**Description of the task**
Leaving out only the pictures, write out all the entries exactly.

Free-text object descriptions
_____

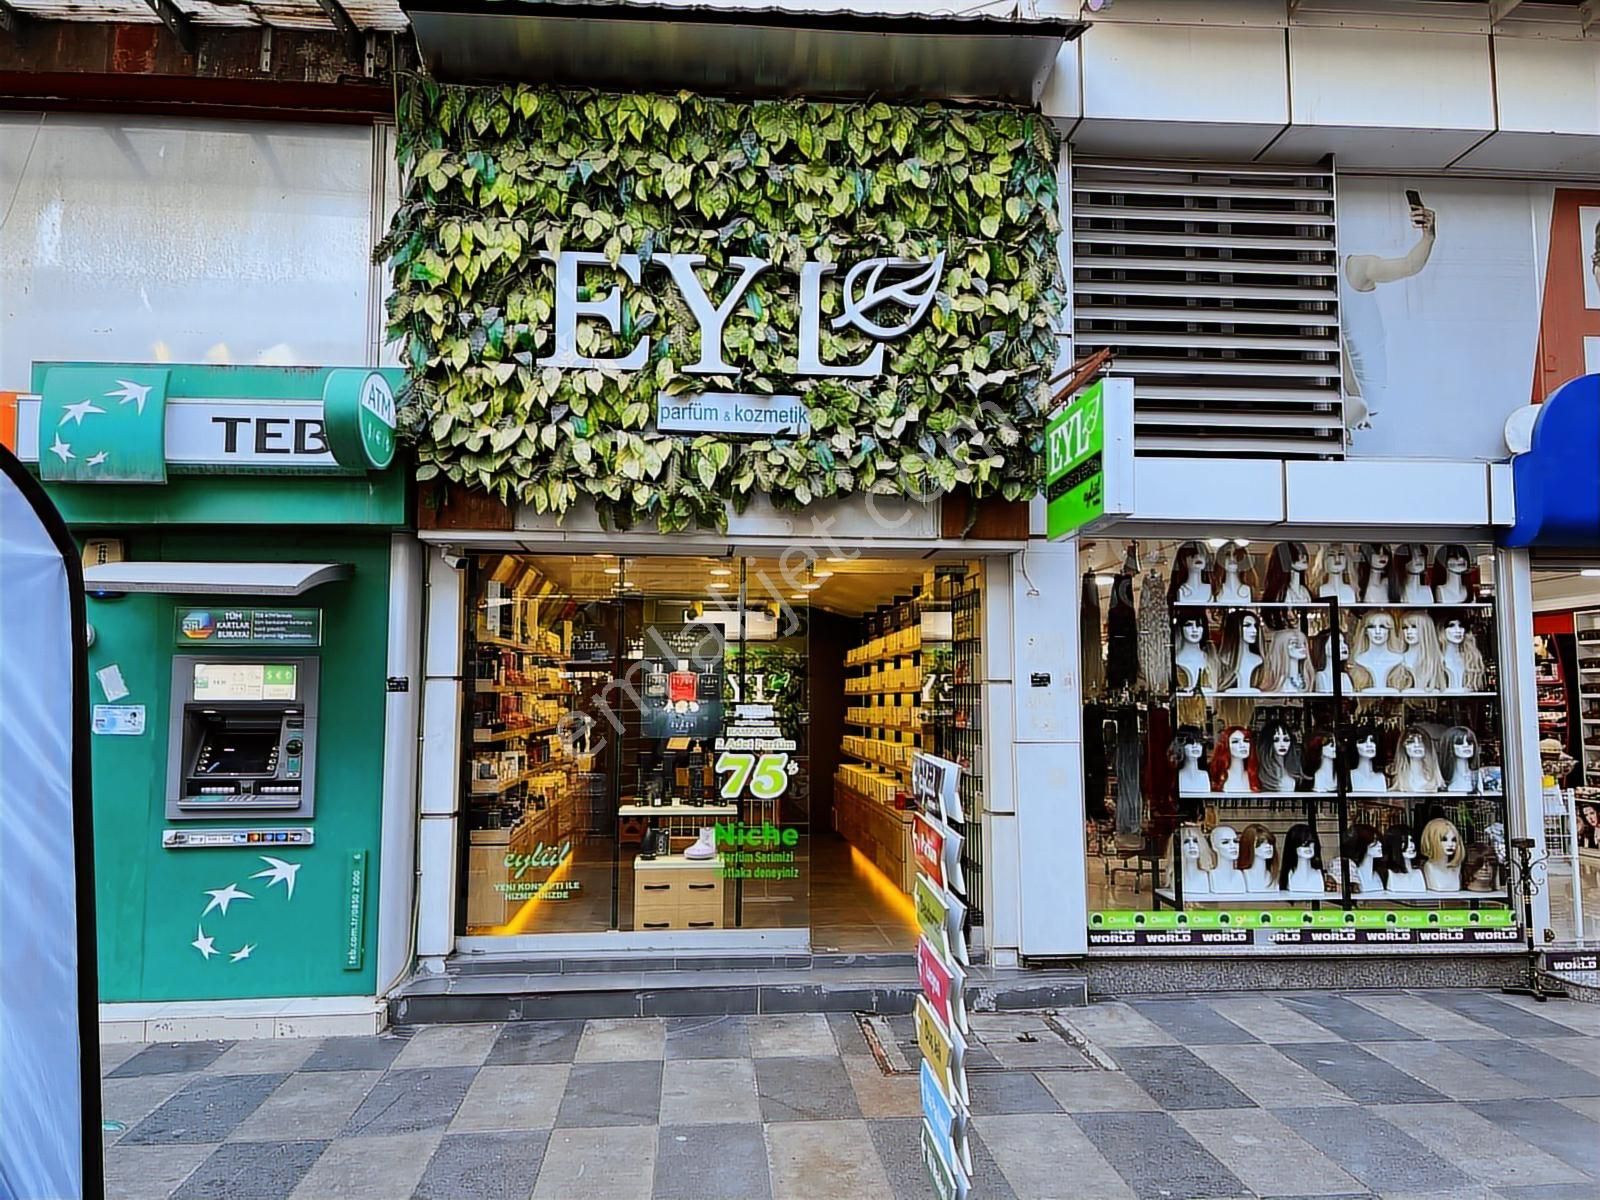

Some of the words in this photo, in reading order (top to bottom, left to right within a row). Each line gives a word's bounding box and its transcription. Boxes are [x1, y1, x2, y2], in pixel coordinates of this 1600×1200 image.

[537, 251, 884, 377] EYL
[368, 383, 391, 421] ATM
[660, 403, 718, 423] parfüm
[724, 411, 731, 421] &
[735, 404, 808, 423] kozmetik
[212, 416, 330, 454] TEB
[1049, 408, 1089, 476] EYL
[755, 738, 796, 750] Parfüm
[715, 822, 799, 846] Niche
[503, 841, 570, 879] eylül
[753, 866, 799, 880] deneyiniz
[1090, 935, 1135, 943] WORLD
[1146, 934, 1191, 943] WORLD
[1202, 933, 1247, 942] WORLD
[1311, 932, 1356, 941] WORLD
[1367, 932, 1411, 941] WORLD
[1420, 931, 1464, 940] WORLD
[1474, 931, 1518, 939] WORLD
[1553, 961, 1597, 970] WORLD
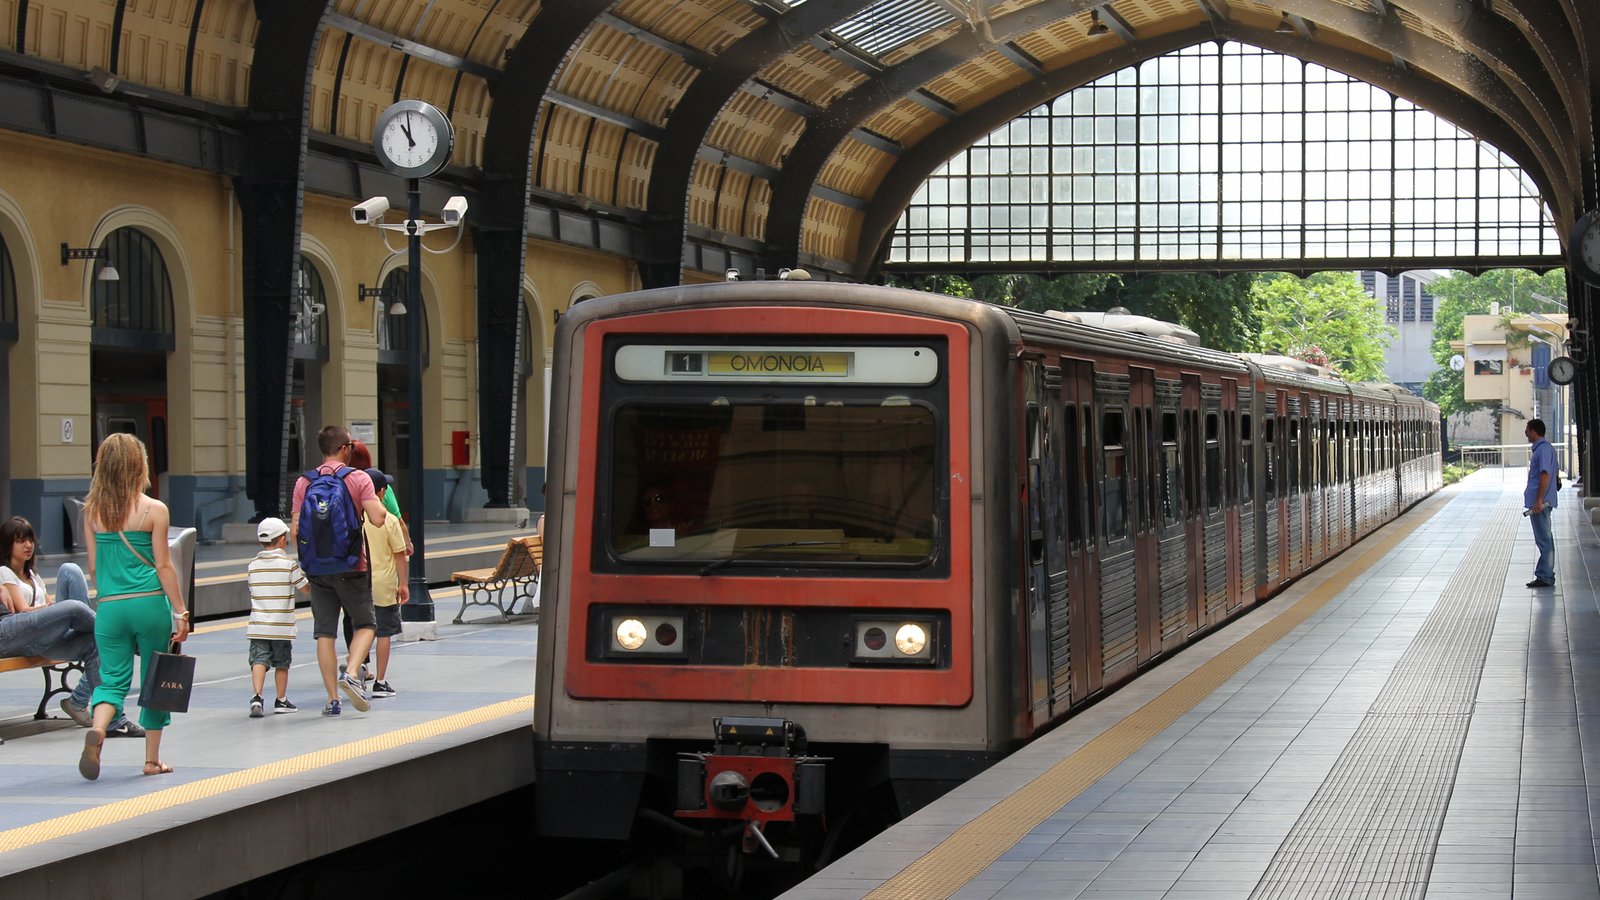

_____

**Exercise answer**
Some of the words in this photo, in reading order (top to bottom, left to right within a row). Each line gives a word's bounding box and its transcription. Boxes are [x1, y1, x2, y2], in pixel coordinates of this 1600×1200 image.

[537, 251, 884, 377] EYL
[368, 383, 391, 421] ATM
[660, 403, 718, 423] parfüm
[724, 411, 731, 421] &
[735, 404, 808, 423] kozmetik
[212, 416, 330, 454] TEB
[1049, 408, 1089, 476] EYL
[755, 738, 796, 750] Parfüm
[715, 822, 799, 846] Niche
[503, 841, 570, 879] eylül
[753, 866, 799, 880] deneyiniz
[1090, 935, 1135, 943] WORLD
[1146, 934, 1191, 943] WORLD
[1202, 933, 1247, 942] WORLD
[1311, 932, 1356, 941] WORLD
[1367, 932, 1411, 941] WORLD
[1420, 931, 1464, 940] WORLD
[1474, 931, 1518, 939] WORLD
[1553, 961, 1597, 970] WORLD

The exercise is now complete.